# About this task
Please print the entries below exactly, from the line with "this 1333×1500 image." through the line with "this 1379×1080 image.", including both of those lines and leaving out all others.

# Information given
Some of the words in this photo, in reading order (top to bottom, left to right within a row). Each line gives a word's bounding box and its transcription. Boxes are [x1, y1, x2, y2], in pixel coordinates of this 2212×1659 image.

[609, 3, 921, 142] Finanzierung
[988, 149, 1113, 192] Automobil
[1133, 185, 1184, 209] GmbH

--

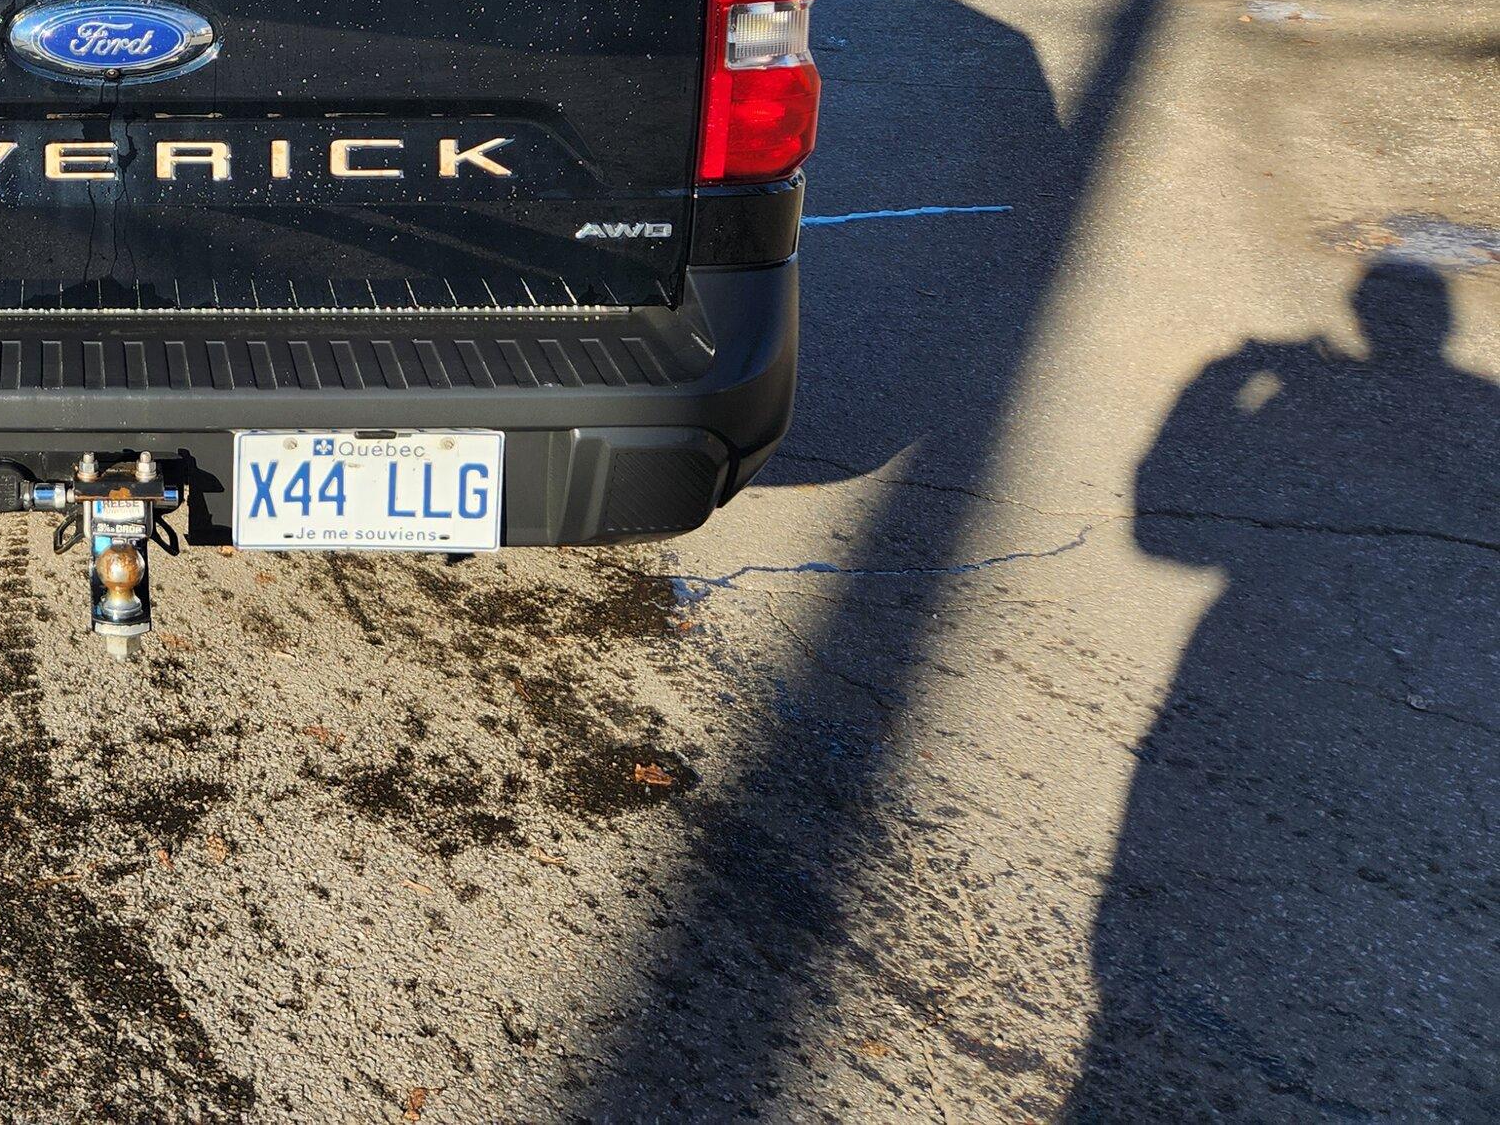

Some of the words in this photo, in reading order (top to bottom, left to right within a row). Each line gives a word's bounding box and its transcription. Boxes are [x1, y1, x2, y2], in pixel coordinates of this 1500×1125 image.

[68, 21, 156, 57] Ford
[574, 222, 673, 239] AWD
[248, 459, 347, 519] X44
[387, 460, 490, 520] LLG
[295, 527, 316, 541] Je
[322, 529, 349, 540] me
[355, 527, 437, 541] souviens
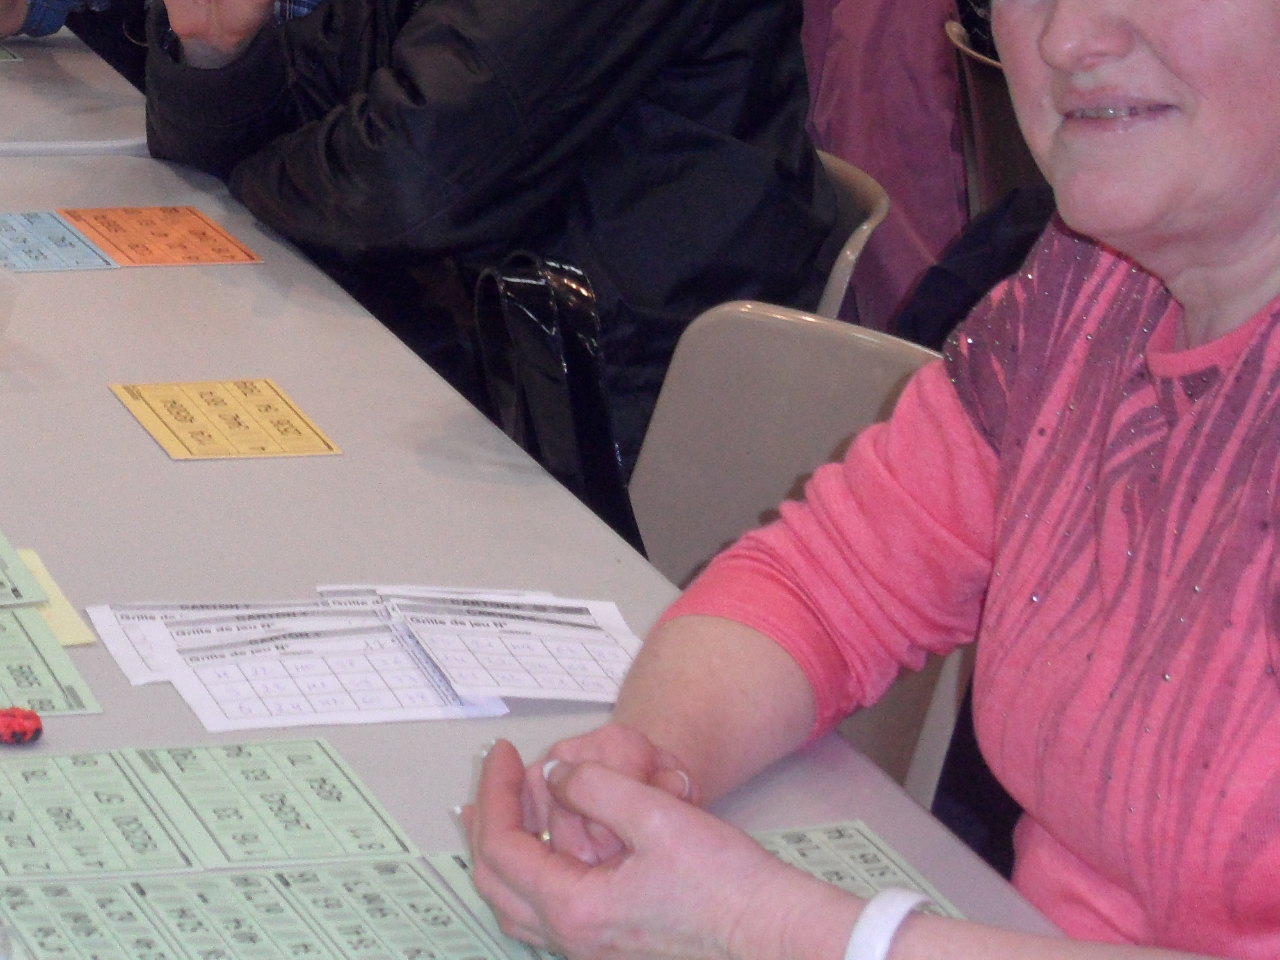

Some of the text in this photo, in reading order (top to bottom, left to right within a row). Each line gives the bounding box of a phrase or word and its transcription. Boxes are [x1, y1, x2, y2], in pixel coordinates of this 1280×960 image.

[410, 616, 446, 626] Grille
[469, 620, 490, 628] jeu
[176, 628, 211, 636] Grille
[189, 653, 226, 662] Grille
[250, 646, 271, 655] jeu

---

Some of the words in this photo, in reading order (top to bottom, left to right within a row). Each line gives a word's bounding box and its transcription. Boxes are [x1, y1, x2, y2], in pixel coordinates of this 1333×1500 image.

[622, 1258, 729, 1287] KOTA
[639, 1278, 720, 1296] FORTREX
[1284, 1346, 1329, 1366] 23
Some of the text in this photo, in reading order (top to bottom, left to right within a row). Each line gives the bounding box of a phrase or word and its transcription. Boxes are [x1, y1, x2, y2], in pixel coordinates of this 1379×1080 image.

# Solution to this problem
Some of the words in this photo, in reading order (top to bottom, left to right within a row). Each line gives a word's bounding box and its transcription. Boxes are [x1, y1, x2, y2], in pixel coordinates of this 1333×1500 image.

[622, 1258, 729, 1287] KOTA
[639, 1278, 720, 1296] FORTREX
[1284, 1346, 1329, 1366] 23
Some of the text in this photo, in reading order (top to bottom, left to right within a row). Each line gives the bounding box of a phrase or word and its transcription. Boxes are [x1, y1, x2, y2], in pixel coordinates of this 1379×1080 image.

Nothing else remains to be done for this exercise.